[Problem details] Copy all entries without alteration and skip the pictures they hold.

**** Records for this exercise

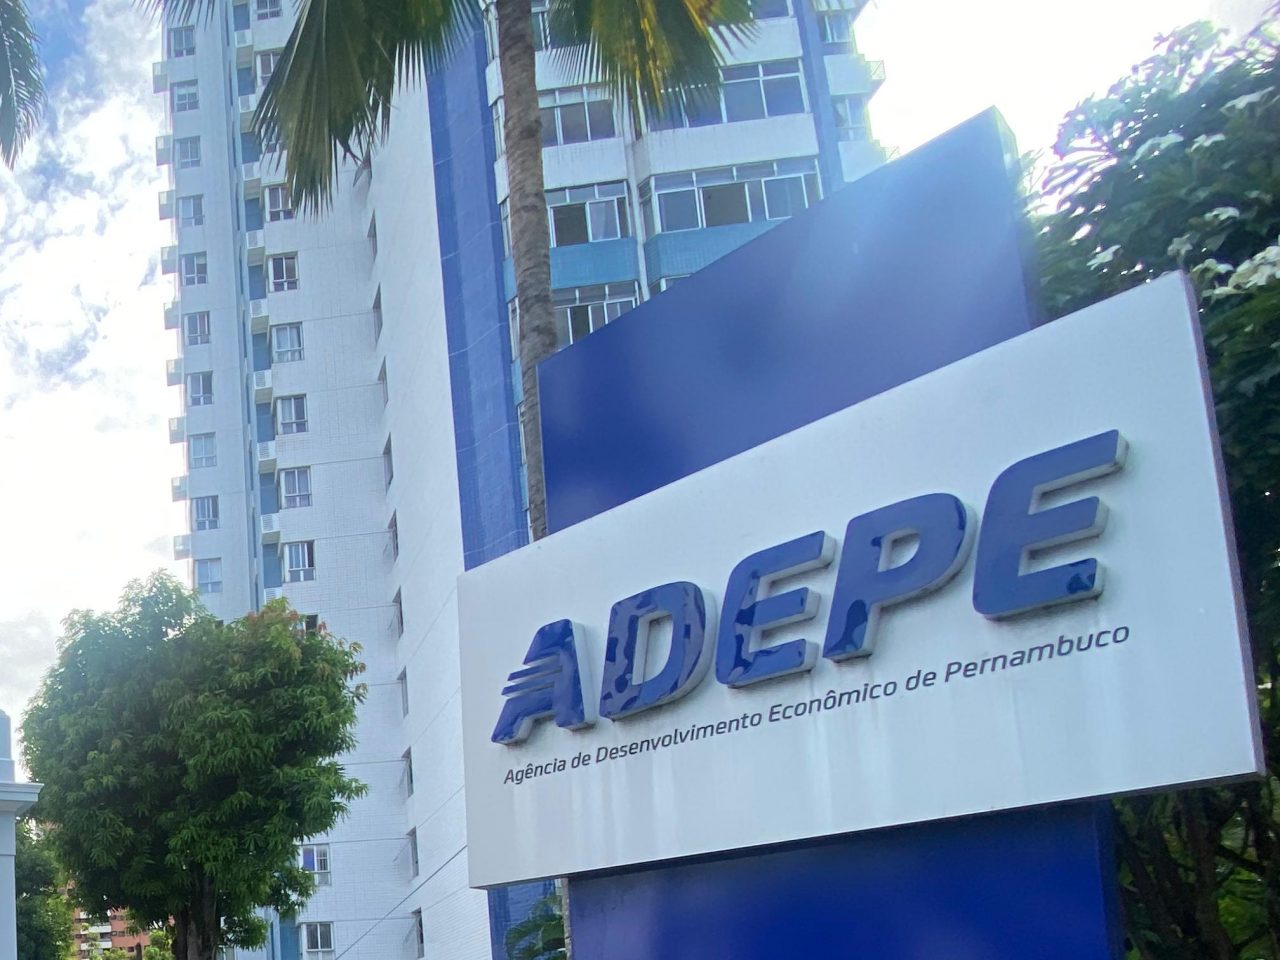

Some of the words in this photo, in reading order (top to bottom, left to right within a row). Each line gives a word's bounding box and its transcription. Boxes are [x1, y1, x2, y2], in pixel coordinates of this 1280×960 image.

[491, 429, 1128, 746] ADEPE
[503, 758, 566, 785] Agência
[571, 751, 591, 769] de
[595, 711, 762, 763] Desenvolvimento
[768, 680, 898, 723] Econômico
[905, 669, 937, 691] de
[944, 625, 1130, 684] Pernambuco

********

[Response to the exercise]
Some of the words in this photo, in reading order (top to bottom, left to right within a row). Each line gives a word's bounding box and its transcription. Boxes are [x1, y1, x2, y2], in pixel coordinates of this 1280×960 image.

[491, 429, 1128, 746] ADEPE
[503, 758, 566, 785] Agência
[571, 751, 591, 769] de
[595, 711, 762, 763] Desenvolvimento
[768, 680, 898, 723] Econômico
[905, 669, 937, 691] de
[944, 625, 1130, 684] Pernambuco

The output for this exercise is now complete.